Contentious Politics
National Identity
Political Sociology
Immigration
Race
Mobilisation
Aleksandra Lewicki
University of Sussex
Aleksandra Lewicki
University of Sussex

Abstract

A growing scholarly literature has accounted for experiences of racism among individuals from the East of the European Union, particularly in the context of pre- and post-Brexit Britain. Others have argued, from diverse epistemological standpoints, that concepts such as race or racism add little to our understanding of intra-European mobility. These recent contributions, I suggest, suffer from a related shortcoming: they focus mainly on the attitudinal dimension of racism as expressed in the media or personal encounters. Foregrounding racism's structural features, I examine whether, how and why we can consider ‘Eastern Europeans’ as a racialized group. Specifically, I trace invocations of the category ‘Eastern European’ in public discourse and political mobilisation in two West European contexts, Britain and Germany.
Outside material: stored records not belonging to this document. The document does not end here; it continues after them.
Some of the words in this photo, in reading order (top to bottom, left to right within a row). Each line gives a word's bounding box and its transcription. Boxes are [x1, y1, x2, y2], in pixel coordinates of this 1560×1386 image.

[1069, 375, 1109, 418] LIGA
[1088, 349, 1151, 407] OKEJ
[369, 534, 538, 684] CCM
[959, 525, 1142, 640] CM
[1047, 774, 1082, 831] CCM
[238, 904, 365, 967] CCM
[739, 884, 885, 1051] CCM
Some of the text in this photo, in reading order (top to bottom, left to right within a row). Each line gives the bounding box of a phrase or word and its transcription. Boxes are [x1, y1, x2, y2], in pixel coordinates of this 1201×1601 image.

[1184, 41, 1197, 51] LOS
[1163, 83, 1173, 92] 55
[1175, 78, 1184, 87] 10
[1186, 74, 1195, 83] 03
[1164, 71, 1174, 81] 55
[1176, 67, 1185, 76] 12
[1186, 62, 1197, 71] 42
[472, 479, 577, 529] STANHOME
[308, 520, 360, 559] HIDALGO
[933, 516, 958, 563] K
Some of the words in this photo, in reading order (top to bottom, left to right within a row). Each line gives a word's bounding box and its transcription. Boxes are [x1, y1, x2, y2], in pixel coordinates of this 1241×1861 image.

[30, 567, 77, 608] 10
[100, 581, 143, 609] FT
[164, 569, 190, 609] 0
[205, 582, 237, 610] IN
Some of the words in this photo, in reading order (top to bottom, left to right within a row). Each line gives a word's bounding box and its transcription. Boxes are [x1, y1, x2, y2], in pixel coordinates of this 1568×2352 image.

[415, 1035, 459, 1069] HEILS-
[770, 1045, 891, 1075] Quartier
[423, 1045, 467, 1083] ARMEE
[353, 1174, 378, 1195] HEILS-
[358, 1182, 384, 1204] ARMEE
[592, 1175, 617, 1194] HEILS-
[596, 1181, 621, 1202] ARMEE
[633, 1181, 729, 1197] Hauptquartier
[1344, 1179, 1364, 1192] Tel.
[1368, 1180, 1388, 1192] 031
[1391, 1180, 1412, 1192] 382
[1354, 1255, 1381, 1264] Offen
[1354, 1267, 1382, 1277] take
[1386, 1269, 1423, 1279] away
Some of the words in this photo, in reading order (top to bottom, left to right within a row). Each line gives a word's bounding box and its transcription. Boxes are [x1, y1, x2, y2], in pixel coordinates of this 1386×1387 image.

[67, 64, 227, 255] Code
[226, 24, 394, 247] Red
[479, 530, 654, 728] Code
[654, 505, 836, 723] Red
Empirically, the analysis draws on data collected for the MAM (‘Reaching out to close the border’: The Transnationalization of Anti-Immigration Social Movements) project, and includes a systematic mapping of statistical evidence, public statements by political representatives, and qualitative research interviews with activists who express their opposition against immigration. The analysis points to the transnational features of this racist repertoire and shows how the COVID-19 crisis has exacerbated the inequalities produced by its means. However, this repertoire of racism should not be analysed in isolation from others. I argue that the categorization as ‘Eastern European’, and the attributes associated with it, operate analogously to, but also are embedded in and enabling of various other repertoires of racism. These entangled racisms, notably, help justify a growing precarisation of labour, the politics of austerity and the fortification of borders. The paper extends the emergent literature on undertheorized repertoire of racism, and develops our understanding of the motile, relational and shape-shifting nature of race.